A Philharmonic for Psychiatric Patients

Orchestra plays at the expense of cash-strapped regime

By David Abel

The Montreal Gazette
12/10/1998

HAVANA -- The glassy-eyed man listlessly clanging the cymbals sounded the beat as Havana Psychiatric Hospital's 115-member symphonic orchestra recently played the "Spanish Military March" to four of the asylum's gardeners.

The sparse showing was nothing new to the fully stocked professional philharmonic. The crew of mostly elderly men has been booming and squeaking everything from war marches to American show tunes since it began performing soon after Fidel Castro's bearded rebels seized power here in 1959.

Once a proud symbol of the revolution's progressive idealism and quixotic defiance of "bourgeois" norms, the orchestra's lagging cadences and the outdoor square's empty benches now seem to mirror this socialist society's current stupor.

Beneath a specially built portico, where the sallow paint has seen brighter days, the half-absent orchestra churns out tinny tunes on old, dented instruments and follows brittle handwritten music sheets. Some doze off during the three-hour performances' frequent intermissions.

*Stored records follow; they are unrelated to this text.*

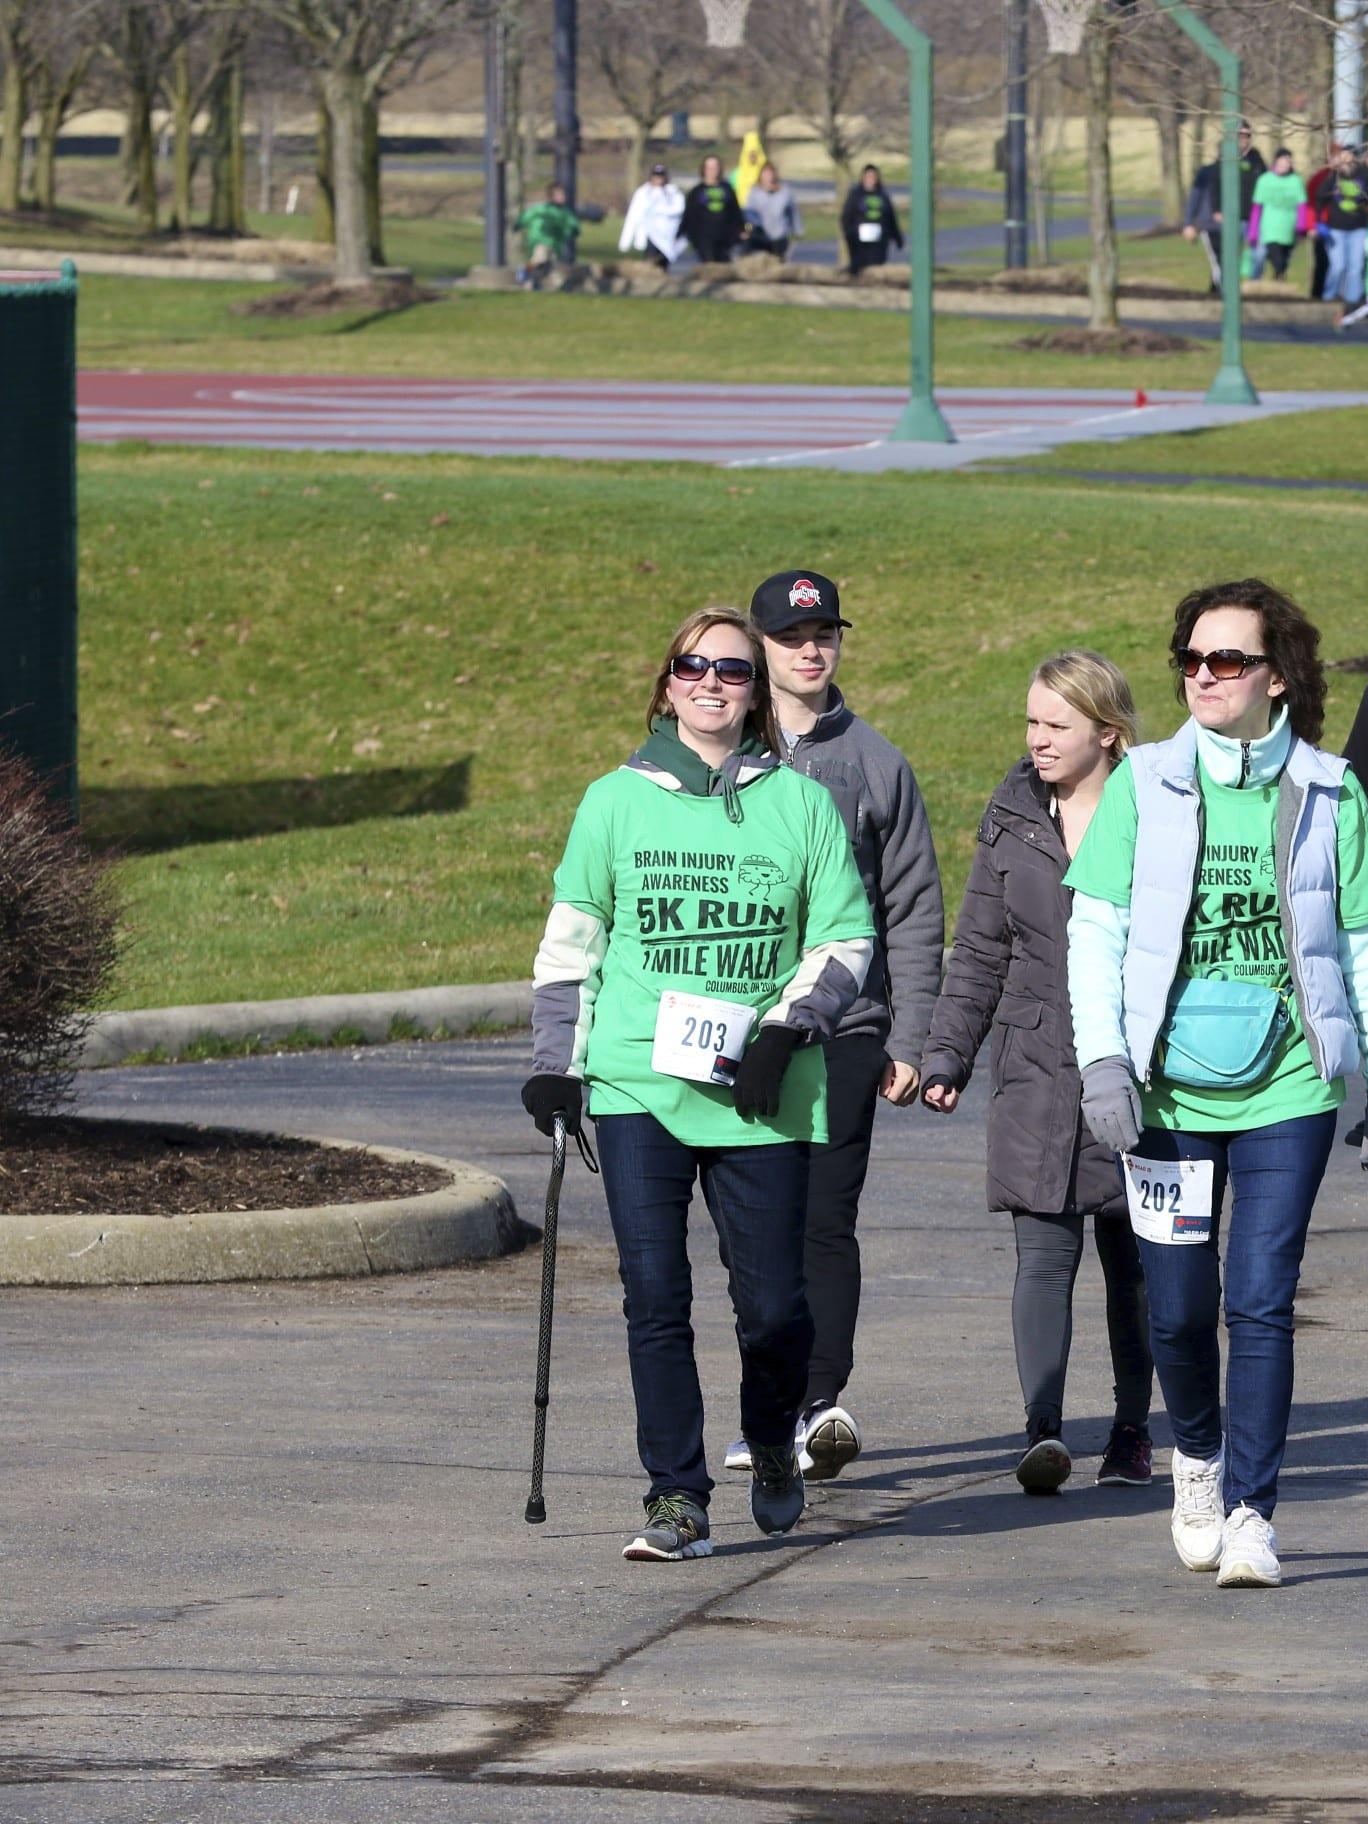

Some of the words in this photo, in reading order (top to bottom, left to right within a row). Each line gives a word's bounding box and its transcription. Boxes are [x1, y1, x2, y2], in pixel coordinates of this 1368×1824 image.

[634, 849, 677, 869] BRAIN
[681, 851, 736, 871] INJURY
[1207, 845, 1259, 863] INJURY
[641, 873, 729, 894] AWARENESS
[1199, 867, 1252, 886] RENESS
[636, 897, 685, 934] 5K
[698, 899, 786, 930] RUN
[1221, 892, 1280, 920] RU
[650, 945, 710, 976] MILE
[716, 939, 783, 980] WALK
[1234, 963, 1277, 977] COLUMBUS,
[705, 980, 749, 994] COLUMBUS,
[681, 1016, 728, 1053] 203
[1140, 1179, 1181, 1214] 202

"Even if they don't come to watch, the patients pass by all the time," said Rolando Valdes, a psychologist and hospital administrator. "This is part of their therapy. It's a way for them to feel good, and it also cultures them."

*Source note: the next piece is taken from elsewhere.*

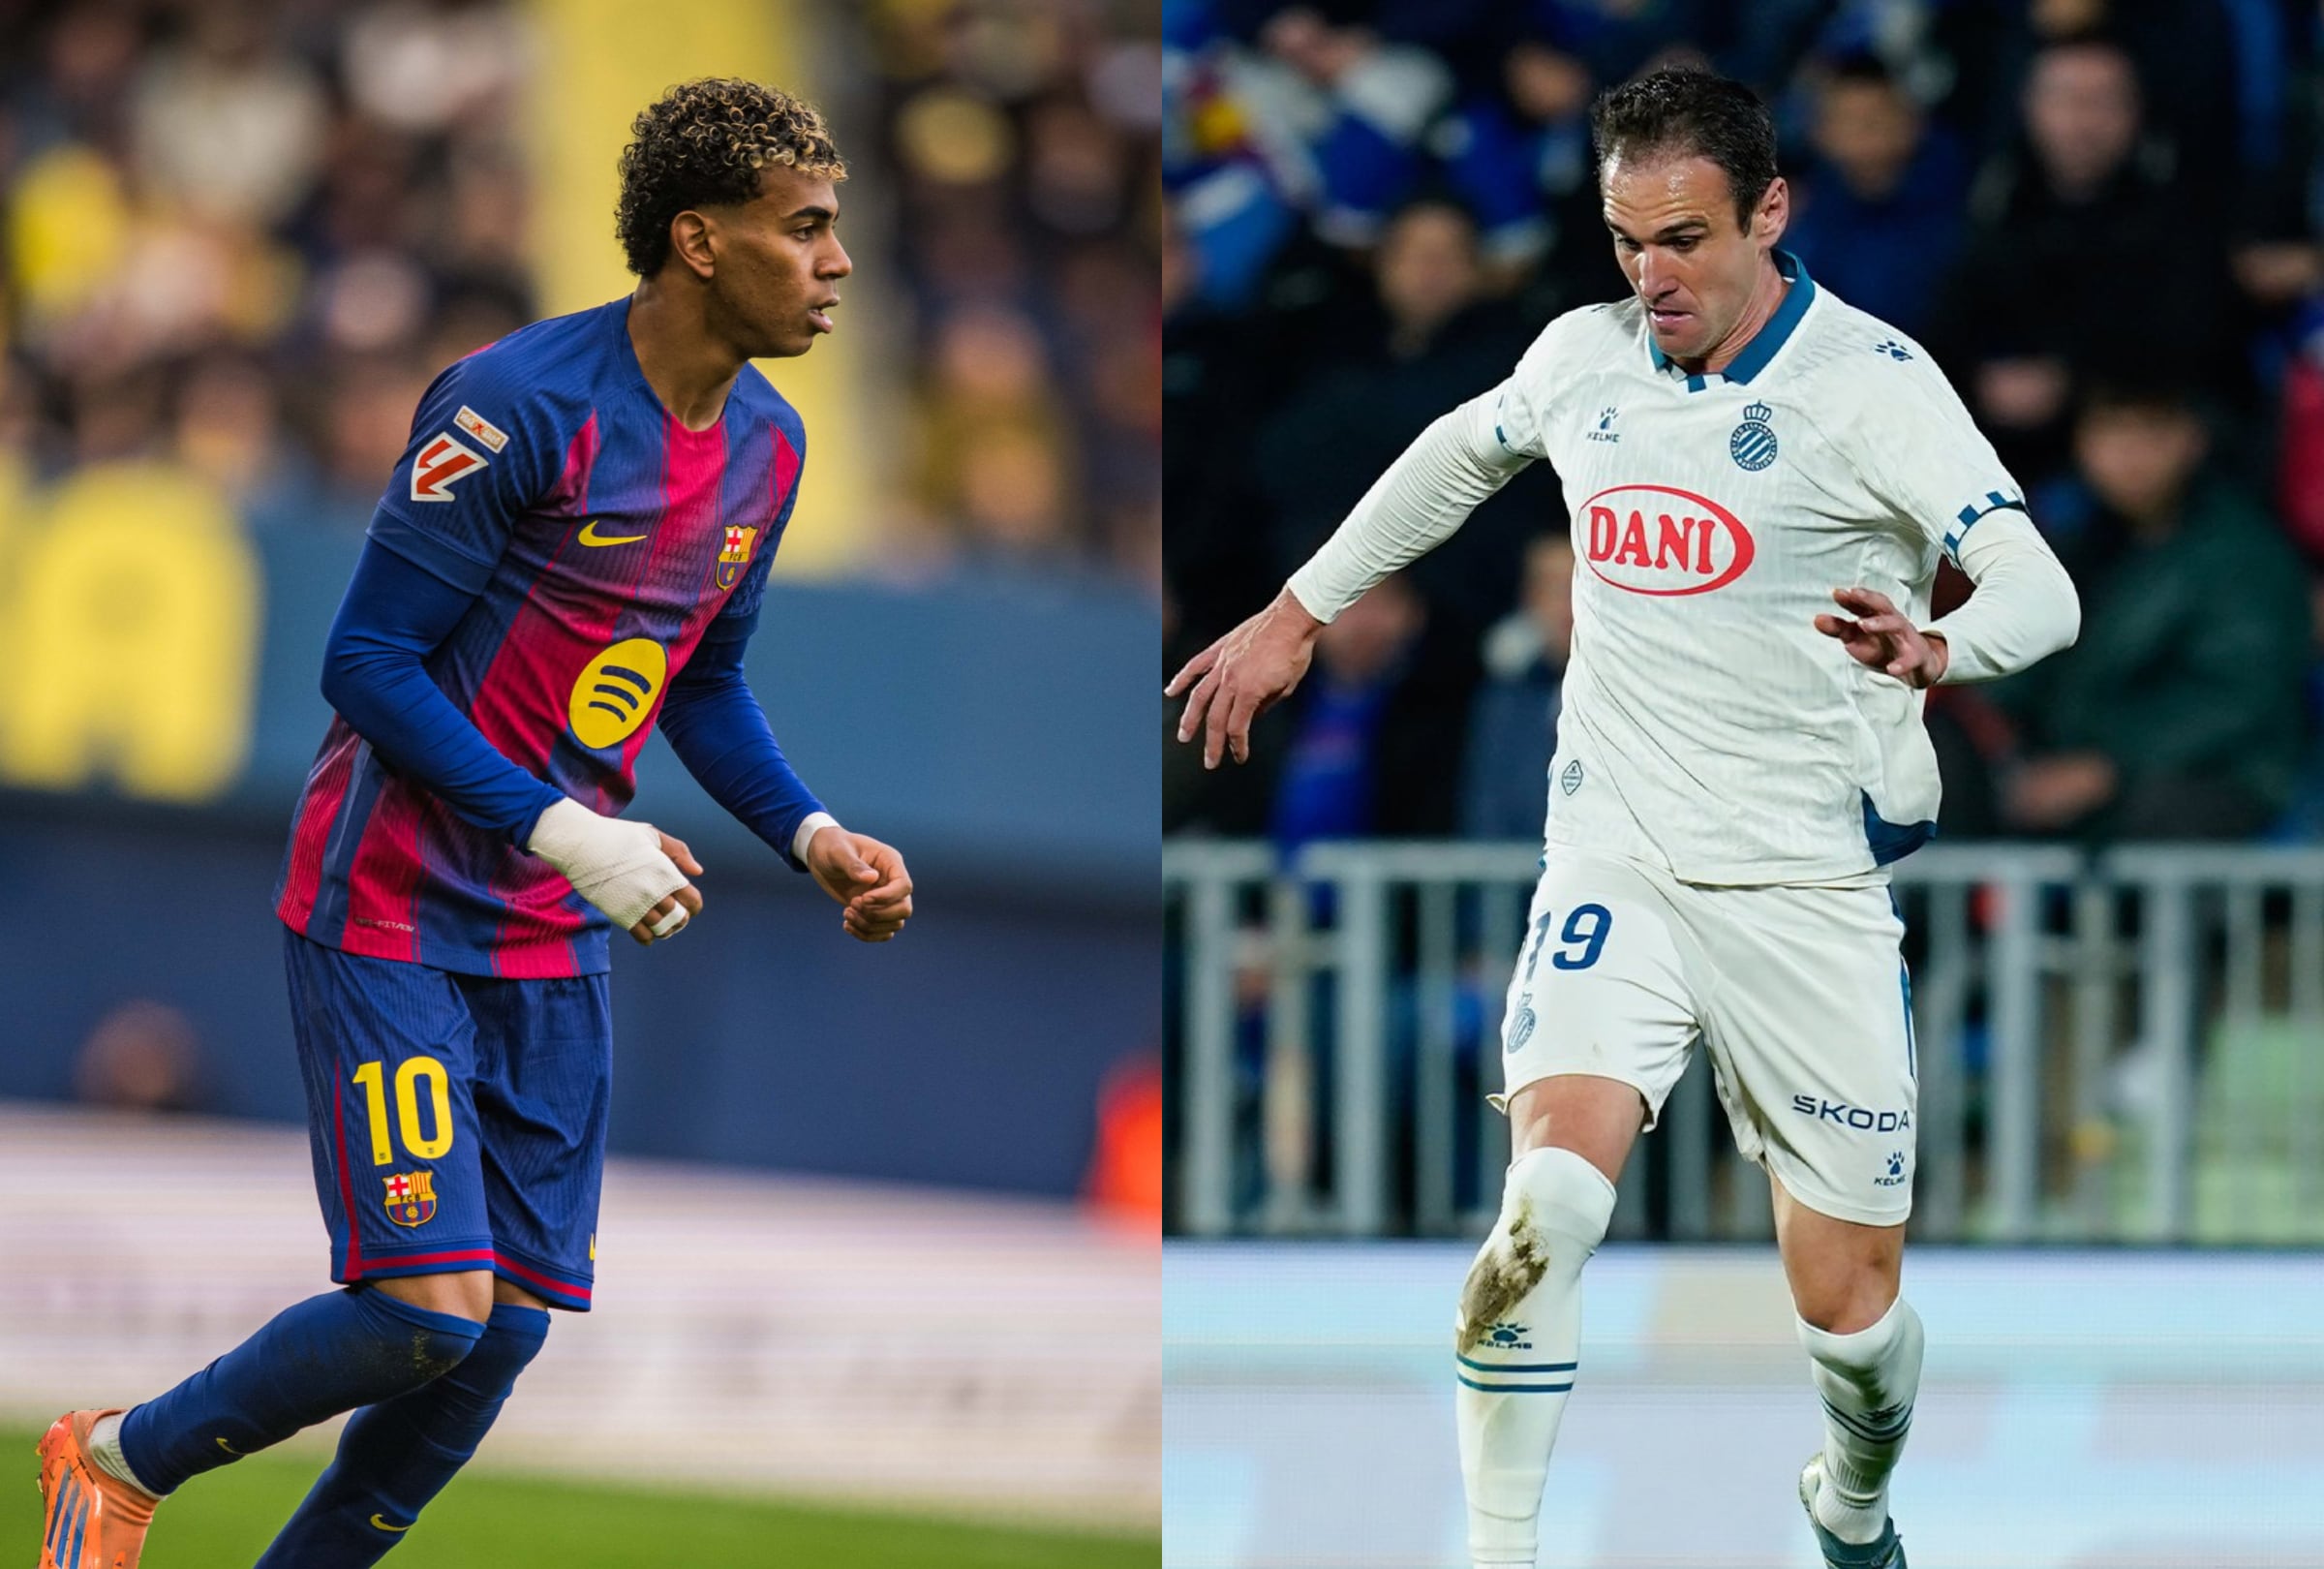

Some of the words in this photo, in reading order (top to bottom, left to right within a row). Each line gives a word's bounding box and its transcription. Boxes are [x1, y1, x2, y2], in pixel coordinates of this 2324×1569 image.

[1589, 506, 1716, 574] DANI
[352, 1055, 454, 1166] 10
[400, 1194, 421, 1203] FCB

The unconventional treatment also comes at the expense of the severely cash-strapped communist-run government, whose scant resources prevent it from supplying sufficient medicine to the island's 280 hospitals and other necessities to the government-dependant population of 11 million.

The full-time orchestra, with its own administrator, conductor and team of technicians to support the more than 25 clarinets, 15 trumpets, 12 saxophones, eight trombones, four tubas and two bassoons, pays its players above-average salaries. New recruits earn 211 pesos (about $10.50) a month. Soloists, the top earners, make 295 pesos a month.

"Yes, the money could go elsewhere," said Juan Morell, 61, a baritone saxophonist who has been playing with the band since it began shortly after the revolution. "But I think it's a good thing. The patients like it, and it helps the time go by."

The guayabera-clad musician acknowledged, however, that he was not always enthusiastic about playing only to passers-by and chance stragglers.

The psychiatric hospital's private symphony was launched four months after the rebels took power at the behest of its new director, Eduardo Bernabe Ordaz.

The physician-guerrilla warrior, who helped foot his medical-school tuition by busking in bars before joining the revolution, introduced the orchestra as part of a plan to revamp the island nation's largest sanatorium.

The overcrowded, run-down asylum would become "a model hospital" to showcase the new regime's health-care system.

So the bearded doctor, who still runs the hospital, commissioned a ragtag group of mostly retired military-band players and, among other new rewards for the patients that included a well-manicured baseball diamond, declared that music would be "a factor in the mental rehabilitation of the patients."

Over the years, the all-male ensemble allowed women to enter its ranks. Today, there are six women out of the 115 musicians, said Florencio Figueroa, the orchestra's administrator. It has also received prominent praise, including national music awards and, most recently, the delivery of a rosary from Pope John Paul II during his January visit.

"This hospital used to be a fiery hell, and he (Ordaz) converted it into a garden of hope," said Figueroa, while leading a tour of a museum that promotes the sprawling hospital's advances. "We think the music has helped accomplish that. ... It's not a waste of money."

A few hundred feet from the clattering symphony, a gaggle of the hospital's 3,700 patients are roosted on a shady patio in a row of rocking chairs.

In the distance, over the noise of jets taking off from the nearby Jose Marti International Airport, the conductor could be heard clamoring at the orchestra.

"Watch me. It doesn't say piano there, does it?" he jeered. As the ensemble picked up, he barked, "Now, fortissimo!"

Alejandro Gonzalez, 32, who has been a patient at the psychiatric hospital for the past year, said he rarely gets the chance to listen to the morning melodies. But, when he does, he appreciates whatever is being played.

"The music makes me feel at ease," Gonzalez said. "It helps me forget everything else. It's like a tranquilizer."